> **Aim of the task**
Each line below must be reproduced exactly.

> **Source data**
==*==

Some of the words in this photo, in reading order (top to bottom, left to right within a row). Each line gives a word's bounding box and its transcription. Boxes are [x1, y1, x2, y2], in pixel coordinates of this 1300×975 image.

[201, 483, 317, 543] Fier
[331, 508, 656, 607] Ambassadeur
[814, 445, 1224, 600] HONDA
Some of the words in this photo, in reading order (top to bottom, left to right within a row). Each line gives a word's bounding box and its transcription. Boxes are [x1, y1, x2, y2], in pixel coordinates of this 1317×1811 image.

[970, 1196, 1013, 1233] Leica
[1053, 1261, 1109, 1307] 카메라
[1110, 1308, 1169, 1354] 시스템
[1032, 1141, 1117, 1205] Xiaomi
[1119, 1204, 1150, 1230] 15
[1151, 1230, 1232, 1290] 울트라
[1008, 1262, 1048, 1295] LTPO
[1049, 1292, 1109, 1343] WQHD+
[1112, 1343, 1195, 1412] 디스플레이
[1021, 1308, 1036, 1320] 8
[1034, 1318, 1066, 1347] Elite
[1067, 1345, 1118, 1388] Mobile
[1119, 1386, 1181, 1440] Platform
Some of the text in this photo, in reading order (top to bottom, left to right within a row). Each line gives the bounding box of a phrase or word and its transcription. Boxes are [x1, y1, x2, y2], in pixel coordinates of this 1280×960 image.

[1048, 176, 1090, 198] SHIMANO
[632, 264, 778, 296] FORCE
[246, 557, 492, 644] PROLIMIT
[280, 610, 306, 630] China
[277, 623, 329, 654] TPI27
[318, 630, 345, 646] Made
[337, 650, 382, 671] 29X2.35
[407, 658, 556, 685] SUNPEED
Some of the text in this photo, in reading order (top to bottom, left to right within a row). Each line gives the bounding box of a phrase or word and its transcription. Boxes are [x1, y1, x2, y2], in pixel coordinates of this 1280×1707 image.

==*==

> **Result below**
Some of the words in this photo, in reading order (top to bottom, left to right within a row). Each line gives a word's bounding box and its transcription. Boxes are [x1, y1, x2, y2], in pixel coordinates of this 1300×975 image.

[201, 483, 317, 543] Fier
[331, 508, 656, 607] Ambassadeur
[814, 445, 1224, 600] HONDA
Some of the words in this photo, in reading order (top to bottom, left to right within a row). Each line gives a word's bounding box and its transcription. Boxes are [x1, y1, x2, y2], in pixel coordinates of this 1317×1811 image.

[970, 1196, 1013, 1233] Leica
[1053, 1261, 1109, 1307] 카메라
[1110, 1308, 1169, 1354] 시스템
[1032, 1141, 1117, 1205] Xiaomi
[1119, 1204, 1150, 1230] 15
[1151, 1230, 1232, 1290] 울트라
[1008, 1262, 1048, 1295] LTPO
[1049, 1292, 1109, 1343] WQHD+
[1112, 1343, 1195, 1412] 디스플레이
[1021, 1308, 1036, 1320] 8
[1034, 1318, 1066, 1347] Elite
[1067, 1345, 1118, 1388] Mobile
[1119, 1386, 1181, 1440] Platform
Some of the text in this photo, in reading order (top to bottom, left to right within a row). Each line gives the bounding box of a phrase or word and its transcription. Boxes are [x1, y1, x2, y2], in pixel coordinates of this 1280×960 image.

[1048, 176, 1090, 198] SHIMANO
[632, 264, 778, 296] FORCE
[246, 557, 492, 644] PROLIMIT
[280, 610, 306, 630] China
[277, 623, 329, 654] TPI27
[318, 630, 345, 646] Made
[337, 650, 382, 671] 29X2.35
[407, 658, 556, 685] SUNPEED
Some of the text in this photo, in reading order (top to bottom, left to right within a row). Each line gives the bounding box of a phrase or word and its transcription. Boxes are [x1, y1, x2, y2], in pixel coordinates of this 1280×1707 image.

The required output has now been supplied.